Dan’s proposed communication primitive captures the same direction: send a structured summary, but attach enough hidden conversational context that the recipient can ask follow-up questions. The message ships with a TL;DR and a small FAQ agent. Simon’s instinct is that this could work if it feels authentic and knows when to escalate rather than over-answer.

The Practical Framework: Build a Learning Loop Around Friction

Eskildsen’s operating system can be reduced to a few repeatable moves:

Key Lessons

The strongest lesson is that AI rewards people who already maintain loops. Eskildsen reads, reviews, asks, tests, stores, and reuses. AI amplifies that because it plugs into behavior that already exists. Without the loop, it is just another chat box.

The second lesson is that memory and AI are complements. Flashcards preserve what should be instantly retrievable. Language models supply broad associative reach. Search finds known targets. Humans provide high-bandwidth judgment. The mistake is expecting one layer to replace all the others.

The third lesson is that the best workflows are often unglamorous. The killer app is not a single cinematic demo. It is a hundred small reductions in friction that make you more likely to ask, understand, draft, decide, and remember.

Why This Matters for Diffie

For Anand and Diffie, the obvious analogy is not “add AI to everything.” It is put the agent exactly where the frontend engineer already feels friction. Eskildsen’s Raycast workflow wins because it is available at the moment of need. Diffie should aim for the same posture in browser testing: one action away from “what broke?”, “why did it break?”, “what changed?”, and “how do I reproduce this?”

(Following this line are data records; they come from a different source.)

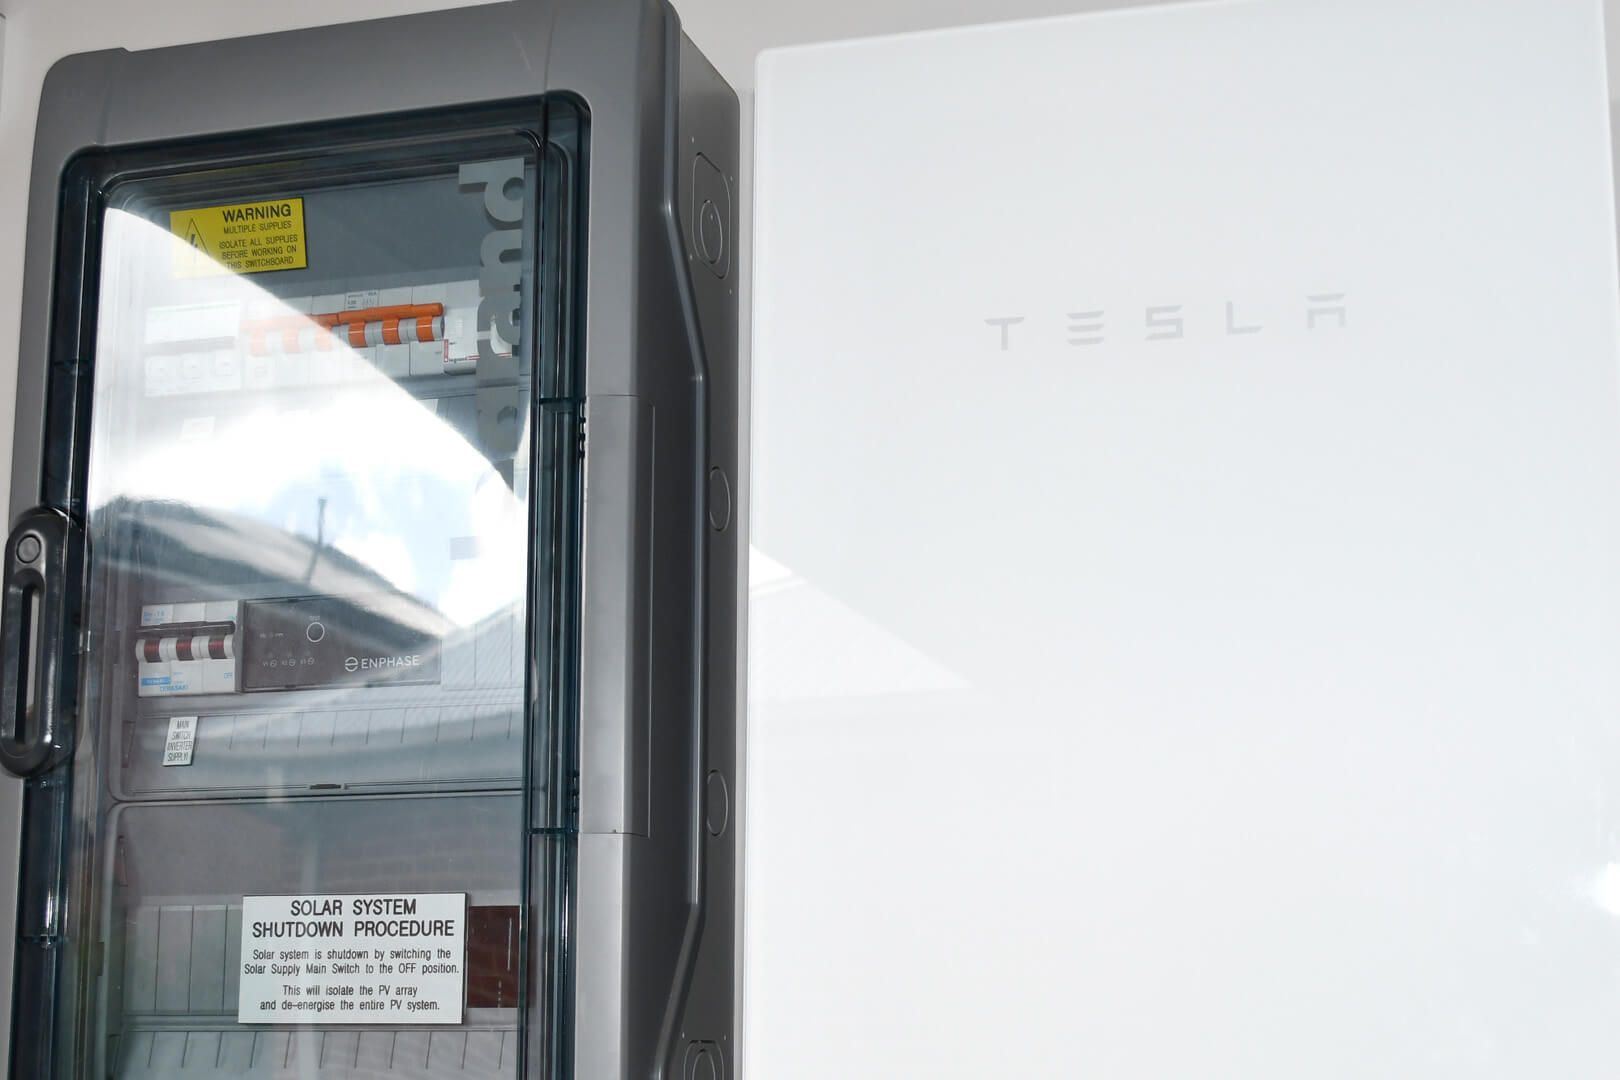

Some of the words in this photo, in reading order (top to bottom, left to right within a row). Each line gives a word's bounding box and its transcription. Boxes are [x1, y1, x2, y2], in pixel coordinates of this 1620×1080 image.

[222, 203, 292, 223] WARNING
[223, 223, 257, 235] MULTIPLE
[259, 221, 292, 232] SUPPLIES
[219, 239, 247, 249] ISOLATE
[250, 237, 262, 246] ALL
[265, 234, 298, 245] SUPPLIES
[222, 249, 248, 260] BEFORE
[251, 246, 284, 257] WORKING
[286, 245, 297, 253] ON
[245, 256, 294, 268] SWITCHBOARD
[983, 292, 1347, 351] TESLA
[361, 655, 420, 669] ENPHASE
[290, 899, 343, 917] SOLAR
[352, 898, 417, 915] SYSTEM
[252, 921, 344, 938] SHUTDOWN
[354, 919, 455, 938] PROCEDURE
[252, 949, 275, 960] Solar
[280, 950, 309, 963] system
[314, 949, 322, 959] is
[327, 949, 369, 960] shutdown
[374, 949, 385, 962] by
[390, 948, 432, 962] switching
[437, 948, 451, 959] the
[244, 964, 266, 975] Solar
[271, 964, 301, 977] Supply
[306, 963, 327, 974] Main
[331, 963, 360, 974] Switch
[365, 963, 374, 974] to
[379, 963, 393, 974] the
[398, 963, 417, 974] OFF
[422, 963, 459, 976] position.
[282, 984, 302, 996] This
[306, 984, 320, 995] will
[325, 984, 354, 996] isolate
[359, 984, 373, 995] the
[378, 984, 390, 995] PV
[395, 986, 418, 998] array
[260, 999, 277, 1011] and
[281, 999, 335, 1012] de-energise
[340, 999, 354, 1010] the
[359, 999, 385, 1010] entire
[390, 999, 402, 1010] PV
[407, 999, 440, 1012] system.

Diffie’s ICP work should also borrow the dialect-translation insight. Frontend engineers, QA leads, product managers, and founders describe the same bug in different languages. A valuable AI testing product can translate among those dialects: DOM diff to human-readable failure, console error to likely user impact, reproduction trace to Linear/Jira-ready issue, flaky visual mismatch to probable CSS or data-loading cause. The product should not merely report failures; it should put each stakeholder into the right latent space to act.

The flashcard lesson maps to product memory. Diffie should remember durable patterns across a team’s app: recurring selectors, known flaky flows, common auth states, previous false positives, component-specific testing heuristics, and the engineer’s preferred debugging style. That memory should resurface at the moment of test generation or failure triage, not sit in a dashboard no one opens.

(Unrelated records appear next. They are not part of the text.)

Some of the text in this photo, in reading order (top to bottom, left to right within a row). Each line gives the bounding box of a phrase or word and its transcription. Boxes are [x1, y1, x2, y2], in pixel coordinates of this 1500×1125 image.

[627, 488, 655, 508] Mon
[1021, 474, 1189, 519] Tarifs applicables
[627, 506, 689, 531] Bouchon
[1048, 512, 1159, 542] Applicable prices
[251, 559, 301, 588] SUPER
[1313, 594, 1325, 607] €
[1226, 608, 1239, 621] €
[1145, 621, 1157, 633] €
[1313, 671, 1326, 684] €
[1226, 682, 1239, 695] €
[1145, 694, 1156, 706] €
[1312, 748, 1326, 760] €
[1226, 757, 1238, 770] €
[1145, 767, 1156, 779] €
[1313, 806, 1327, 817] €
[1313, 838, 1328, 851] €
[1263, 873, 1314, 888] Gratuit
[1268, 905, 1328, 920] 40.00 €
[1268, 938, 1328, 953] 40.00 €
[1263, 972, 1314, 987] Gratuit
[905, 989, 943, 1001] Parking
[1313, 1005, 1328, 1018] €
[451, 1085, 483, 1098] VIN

For GTM, the practical move is to show tiny, embarrassingly concrete wins. Do not sell an abstract “AI browser testing platform.” Show the $20 freezer-controller equivalent: “paste this user flow, get a reproducible bug report,” “turn this visual diff into a PR comment,” “convert this failing checkout run into a minimal reproduction,” “ask why this test is flaky and get the three likely causes.” The product narrative should make the buyer feel the same shift Simon describes: fewer unresolved questions, fewer round trips, and a faster path from curiosity to action.